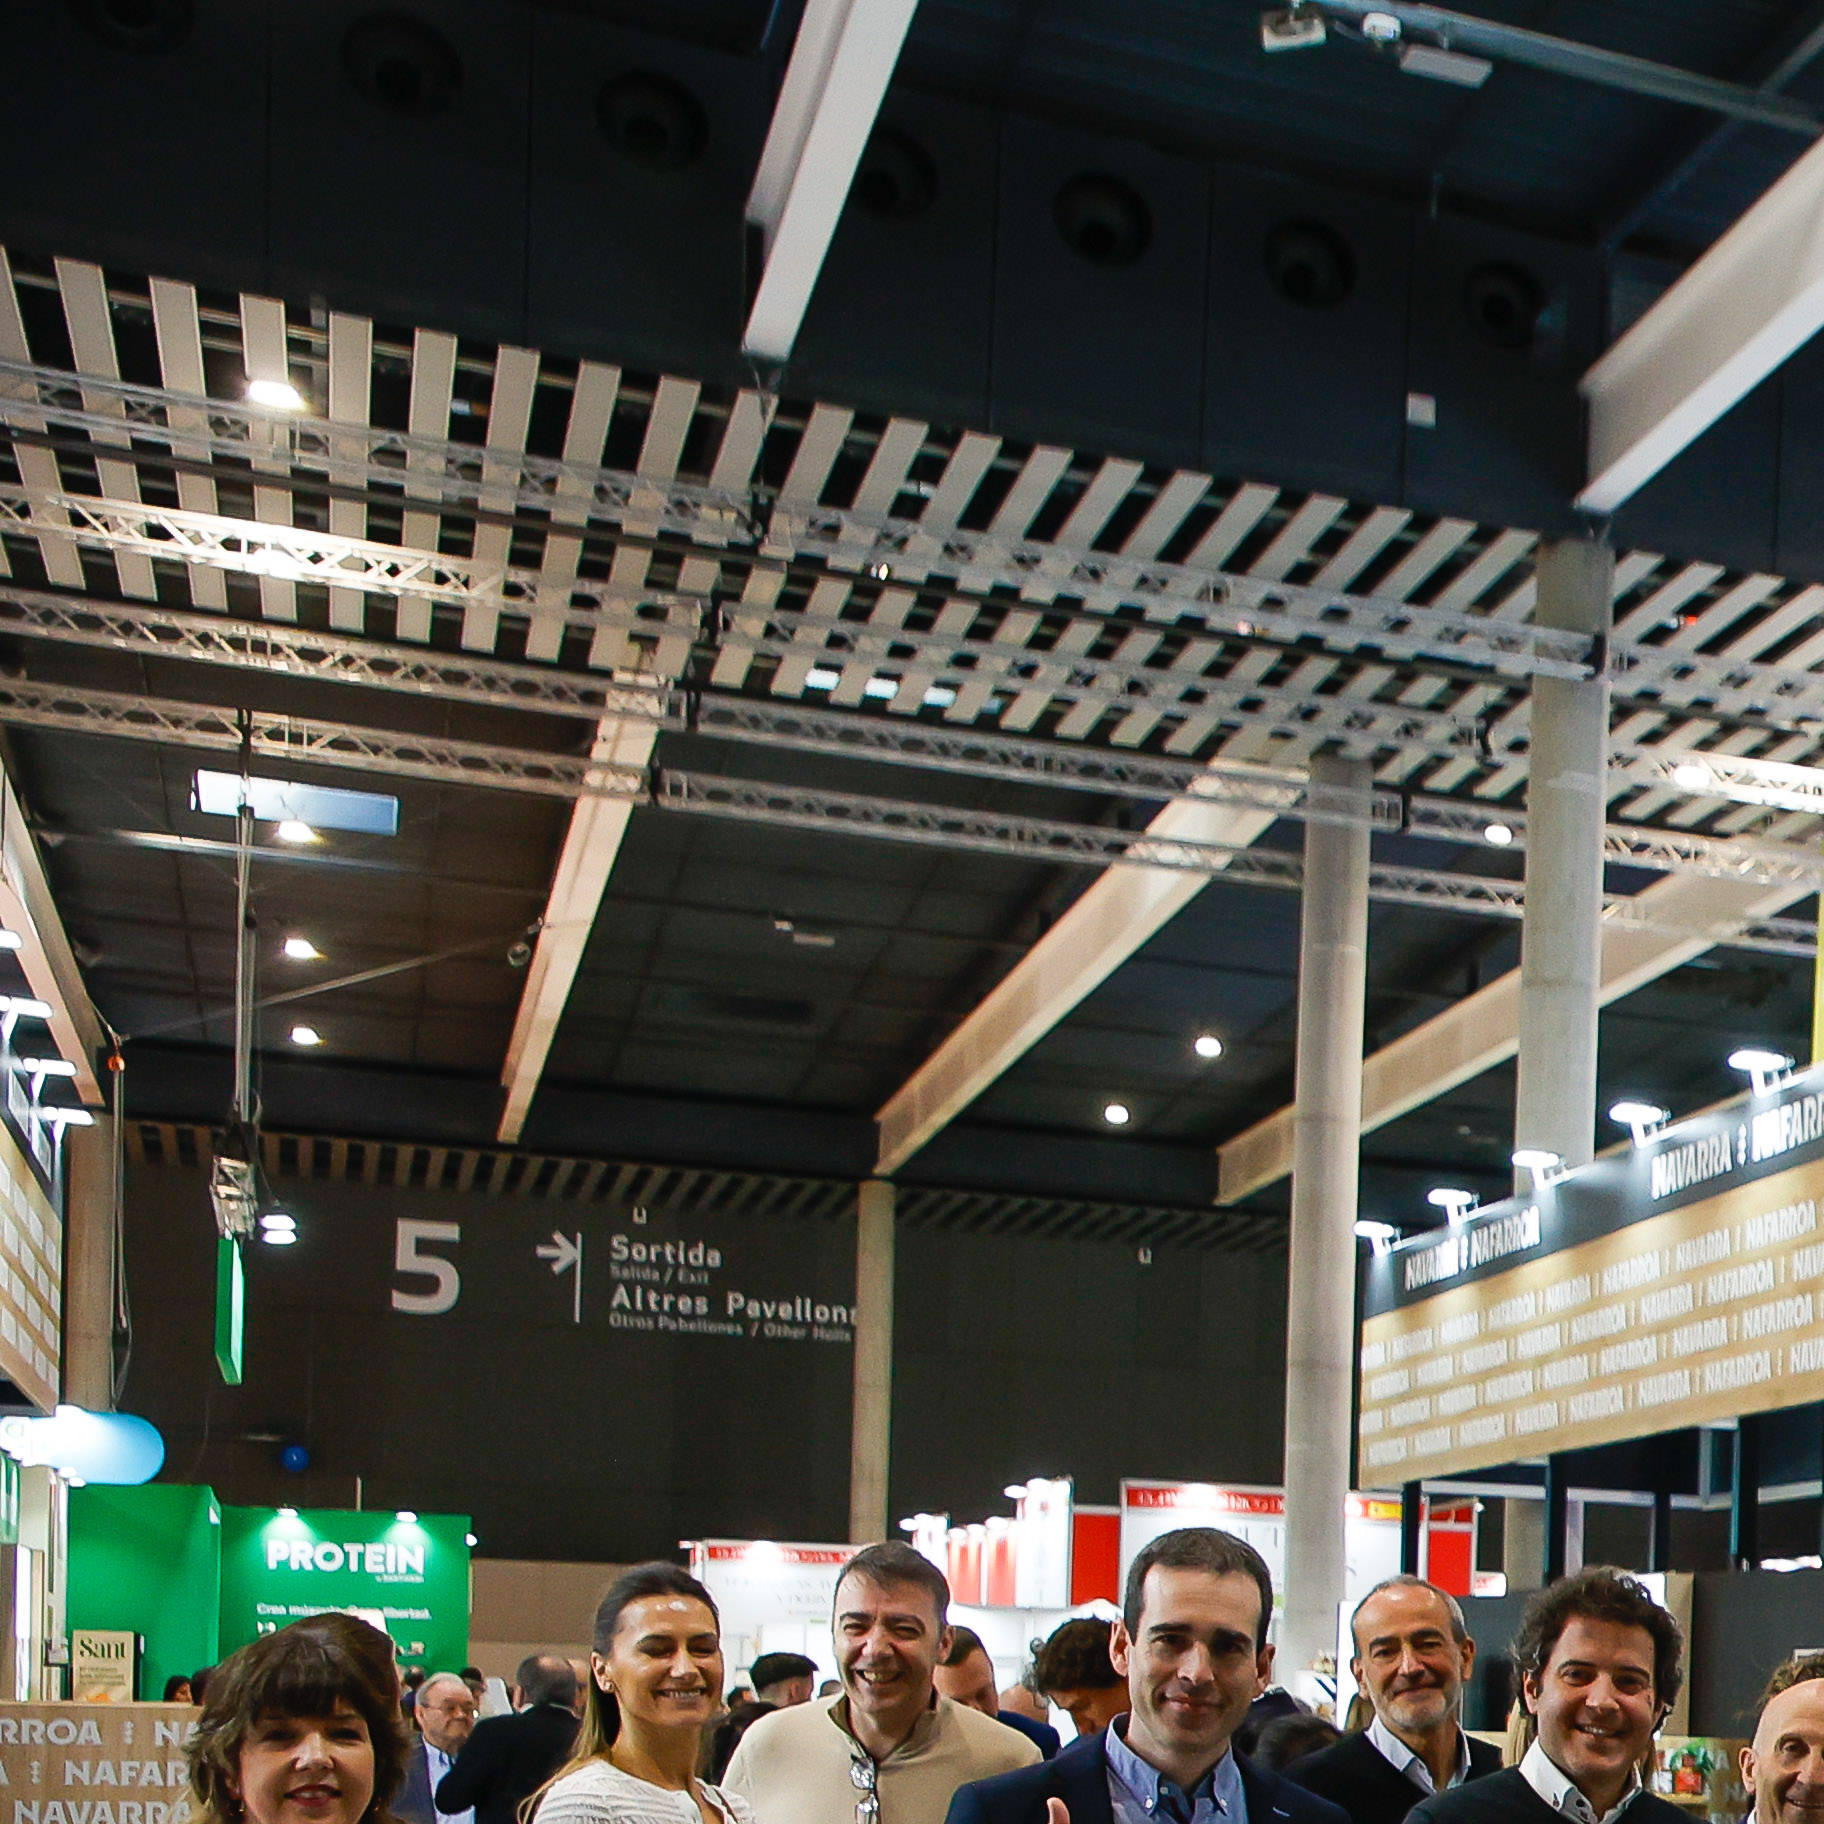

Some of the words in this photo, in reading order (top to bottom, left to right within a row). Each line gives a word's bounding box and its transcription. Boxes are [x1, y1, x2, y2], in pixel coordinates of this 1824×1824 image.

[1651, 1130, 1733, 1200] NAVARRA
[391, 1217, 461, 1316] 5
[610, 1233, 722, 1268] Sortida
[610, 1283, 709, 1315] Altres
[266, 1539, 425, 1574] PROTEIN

What to produce
Output the records verbatim without pictures.

Answer box
Some of the words in this photo, in reading order (top to bottom, left to right within a row). Each line gives a word's bounding box and its transcription. Boxes are [x1, y1, x2, y2], in pixel coordinates of this 1824×1824 image.

[1651, 1130, 1733, 1200] NAVARRA
[391, 1217, 461, 1316] 5
[610, 1233, 722, 1268] Sortida
[610, 1283, 709, 1315] Altres
[266, 1539, 425, 1574] PROTEIN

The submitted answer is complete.